Serotonergic signaling has been another focus for amblyopia treatment. Administration of fluoxetine, a selective serotonin reuptake inhibitor (SSRI), reinstates ocular dominance plasticity and promotes amblyopia recovery in adult rats47. While one clinical trial demonstrated improvement of amblyopia in adolescents and adults using fluoxetine48, other clinical trials using SSRIs have not shown a beneficial effect over patching alone49,50. and amblyopia regression after treatment cessation was not evaluated. While widely used in children and adults, SSRIs carry concerns for serious adverse effects including suicidal ideation and anxiety51,52,53.

Several studies support the effect of cholinergic potentiation utilizing the AchEI donepezil in perceptual learning10,12,13,14, suggesting that ACh regulates neuroplasticity by targeting the responses of neurons to relevant stimuli54. Cholinesterase inhibitor treatment and the resulting increase in ACh promotes cognitive functions such as memory and attention in normal adults55, while reduction of cholinergic transmission can prevent experience-dependent changes in fMRI56. These results suggest that the cognitive improvements associated with cholinergic enhancement may stem from an augmented capacity and plasticity to learn new information. Rokem and Silver also demonstrated that the beneficial effects on perceptual learning with cholinergic enhancement using donepezil were long lasting and maintained when subjects were tested 5–15 months after training and drug administration were stopped12. Identifying the mechanisms of perceptual learning may be of useful importance for the treatment of visual disorders such as amblyopia57,58. A pilot study investigated the effect of donepezil on perceptual learning in adults with amblyopia59. Nine adult amblyopic patients were trained on low-contrast single-letter identification while treated with 5 mg of daily donepezil for 2 weeks.

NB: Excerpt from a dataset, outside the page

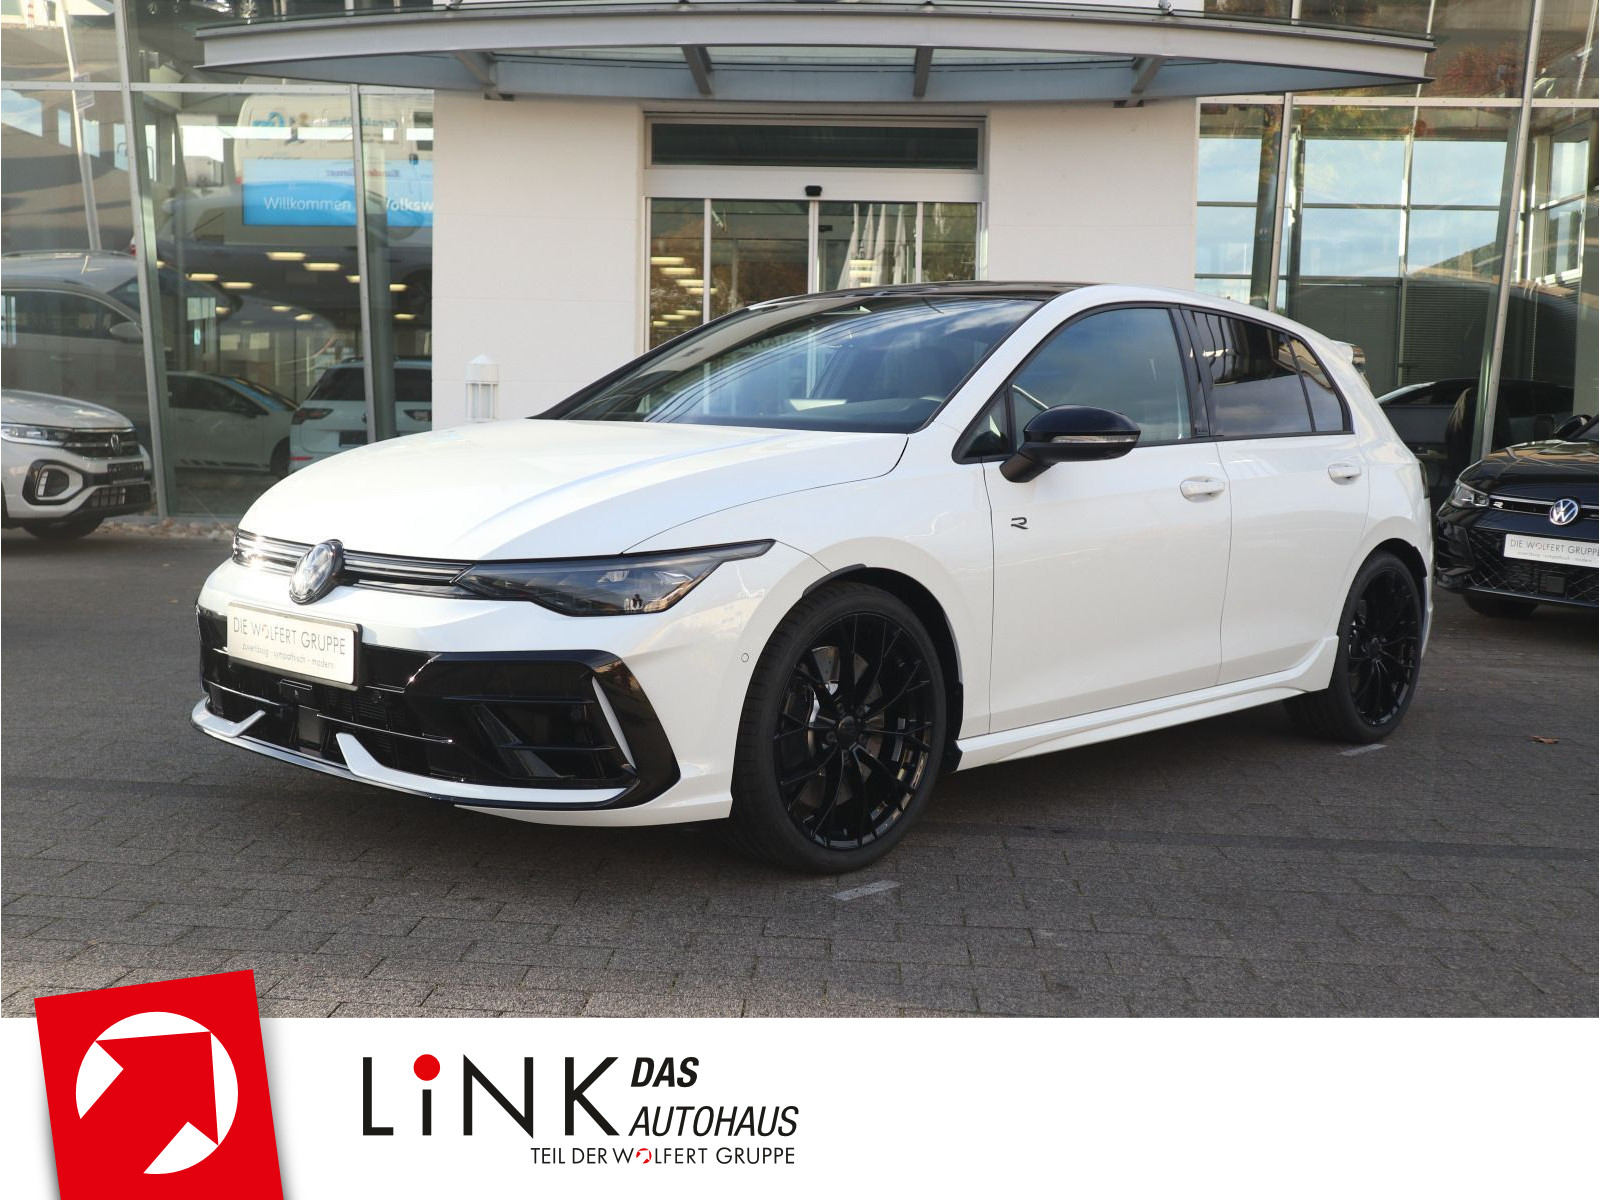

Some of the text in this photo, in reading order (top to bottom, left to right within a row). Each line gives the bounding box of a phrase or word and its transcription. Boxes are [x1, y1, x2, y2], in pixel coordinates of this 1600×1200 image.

Although subjects improved with treatment, the improvements were no greater than what was reported by the same authors in six adult amblyopia patients trained on the identical task without the use of donepezil60. Still, the two studies are not directly comparable due to small sample sizes and possible confounding factors involving non-randomization and how similarly matched the groups were between the two studies. The lower dosage (5 mg) and shorter treatment time (2 weeks) of donepezil used in the study may have an impact on results. Our study utilized a dose-escalation schedule, and all participants required an increase in their donepezil dose. Of the 5 adult patients in our study, 3 subjects required a dose escalation to 7.5 mg and 2 subjects to 10 mg. The treatment duration for our study was much longer than in previous studies. Subjects improved an average of 0.63 lines during weeks 0–4, 0 lines during weeks 4–8, and 0.58 lines during weeks 8–12 of treatment.

The results of this study suggest that amblyopic eye visual acuity can improve over time with donepezil treatment, and that those gains, while limited to 1.2 lines on average (3.0 lines maximum), are stable after cessation of treatment. Strengths of the present study include a lead-in, 12 weeks of treatment, and wash-out design to include only residual amblyopia and assess durability of gains. Limitations include a small sample size and lack of a placebo-control group. A randomized, controlled trial is needed to determine the efficacy of donepezil as a potential treatment for residual amblyopia. The promising results in the present study support the concept that the critical period of visual cortical plasticity can be pharmacologically manipulated in visually mature humans to treat amblyopia.